Have Strong Reasons for Living
Radical Remission: Surviving Cancer Against All Odds
Kelly Turner, PhD, a researcher who specializes in integrative oncology, studied one hundred cancer survivors and analysed over one thousand cases of people who experienced a “radical remission” from “incurable” cancer. She found that these people did not sit around waiting for a miracle, but made significant changes in their lives. Dr Kelley found nine healing factors common among all of the cases she studied. These nine key factors are:
- Radically changing your diet
- Taking control of your health
- Following your intuition
- Using herbs and supplements
- Releasing suppressed emotions
- Increasing positive emotions
- Embracing social support
- Deepening your spiritual connection
- Having strong reasons for living
See more at www.RadicalRemission.com.
In an interview with Marianne Cirone for Integrative Cancer Review, Dr Turner said “Things like “Having Strong Reasons for Living.” Well, what if you look at that as the opposite of depression? Depression meaning “no will to live.” So, a strong reason for living translates to a strong will to live, which means no depression.

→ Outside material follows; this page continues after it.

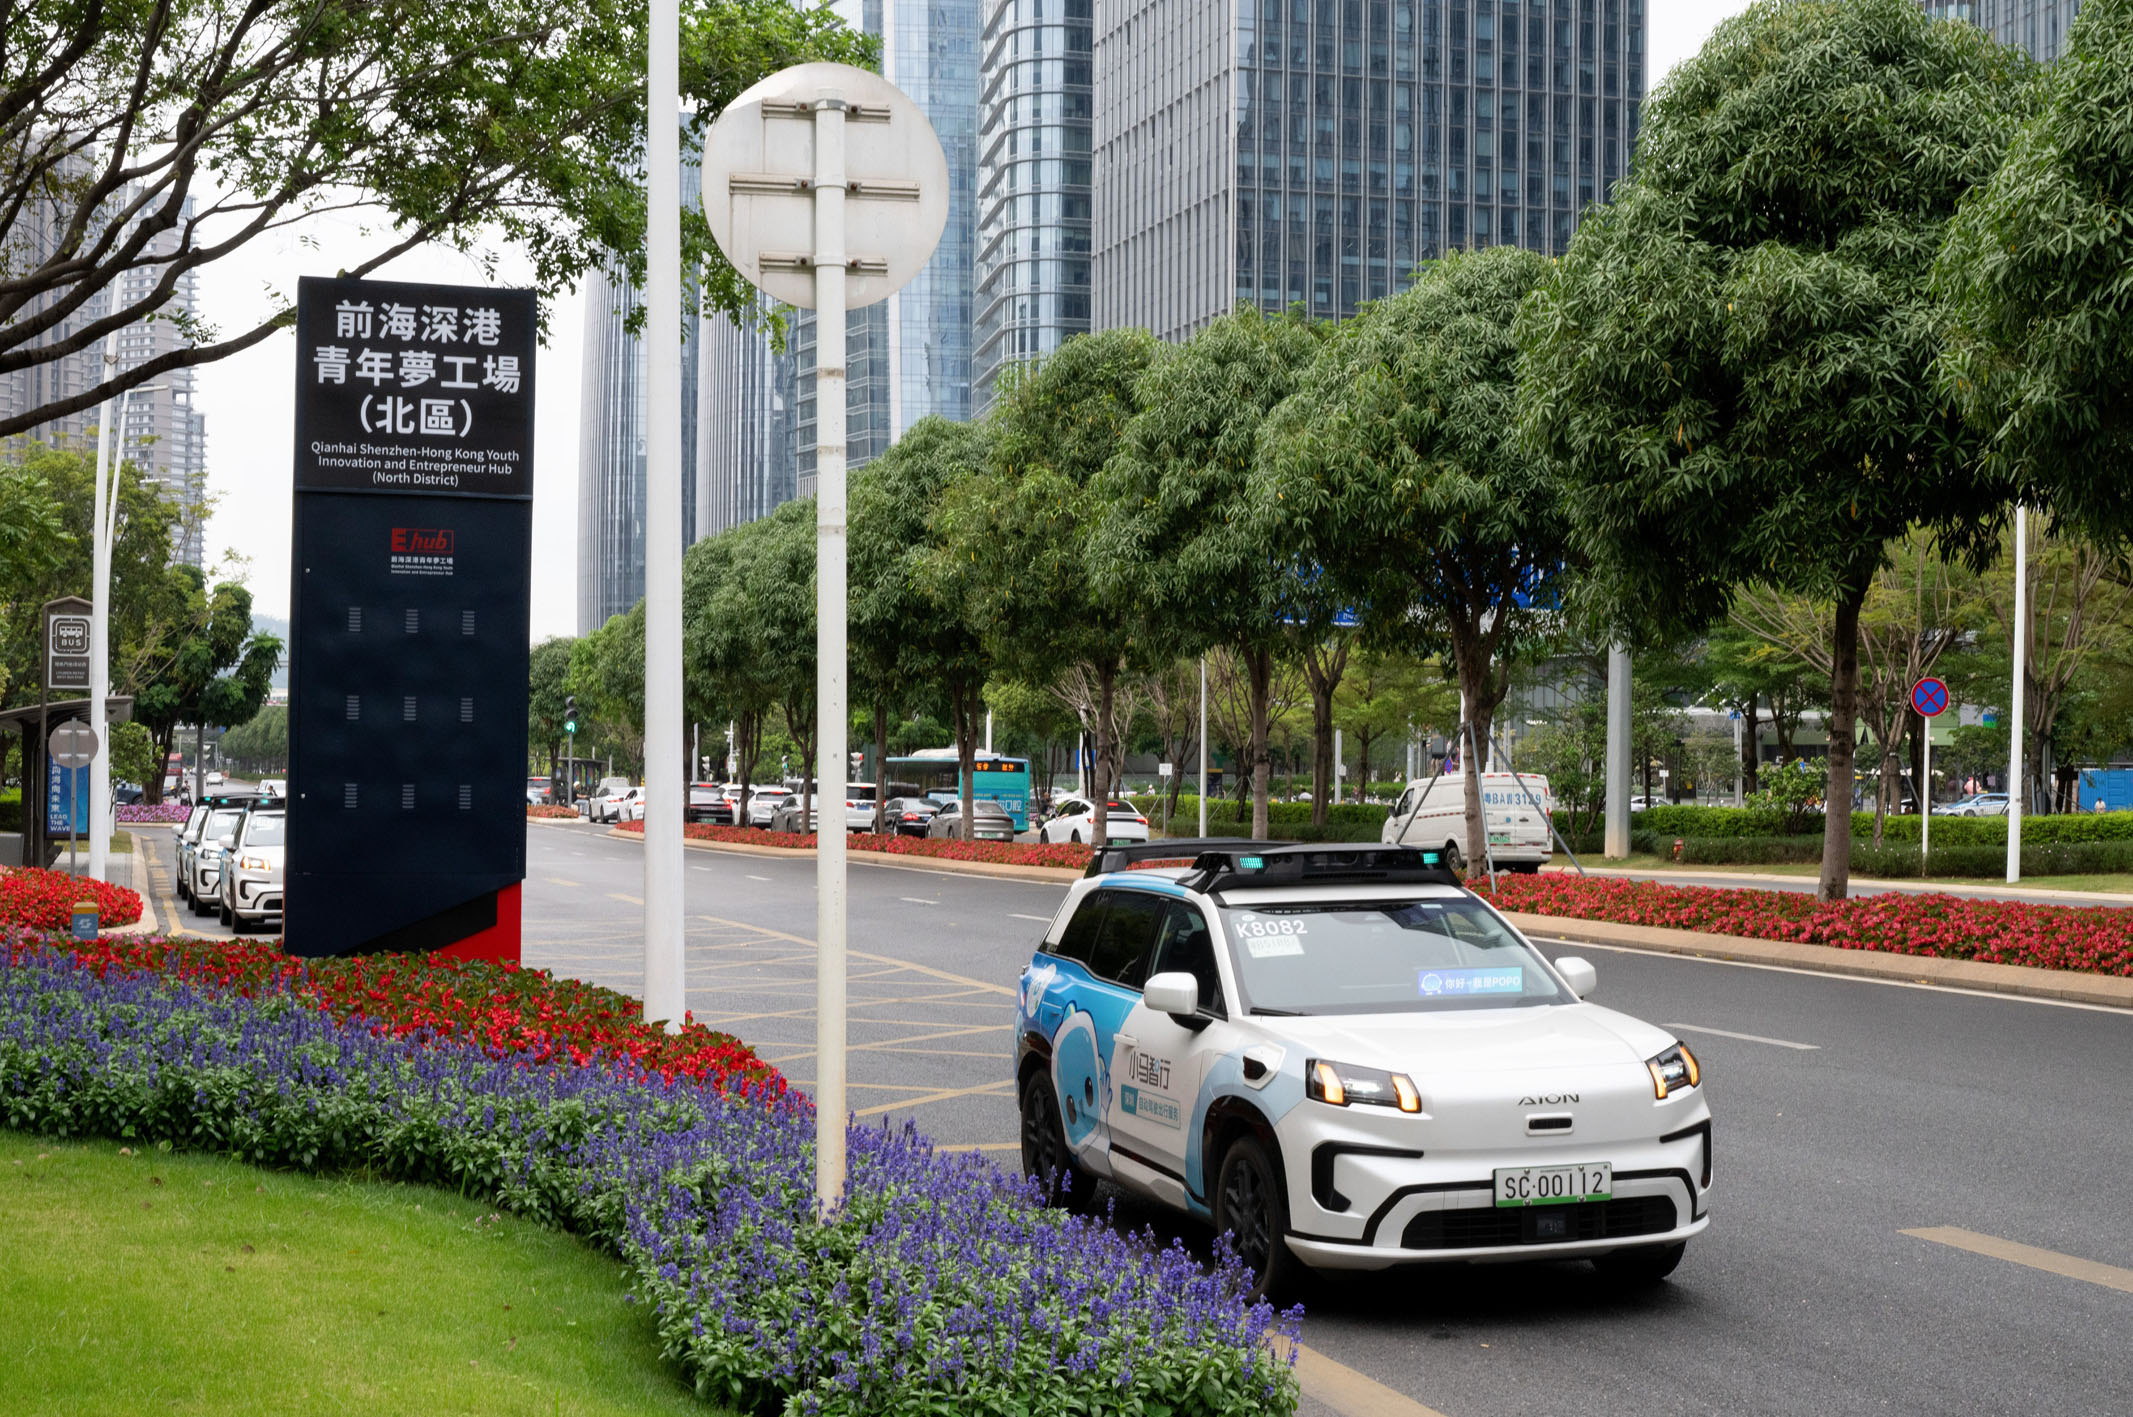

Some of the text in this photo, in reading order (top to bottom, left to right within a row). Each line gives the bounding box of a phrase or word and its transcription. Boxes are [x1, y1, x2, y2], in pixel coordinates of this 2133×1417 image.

“What the Ayurveda doctor that I interviewed in India said is, “Having that strong will to live – it’s not just the will to live, but it’s an actual reason, like a specific goal that you have in mind. Like, I want to climb Mount Kilimanjaro before I die, or I want to see my kids grow up, or I want to write that novel.
“What this Ayurveda doctor told me during our interview was that having that connection to your dharma – dharma being the Ayurveda word for “life purpose,” your particular life purpose, not all humans, but yours in particular – is what draws prana into the body. If you are not connected to yourself, to your dharma, to your personal reason for being on this planet, if you’re not really deeply connected to that, then you’re not bringing life force [prana] into your system.”
Depression and cancer mortality
This meta-analysis showed that depression is associated with elevated risk for mortality in cancer patients and those who develop cancer.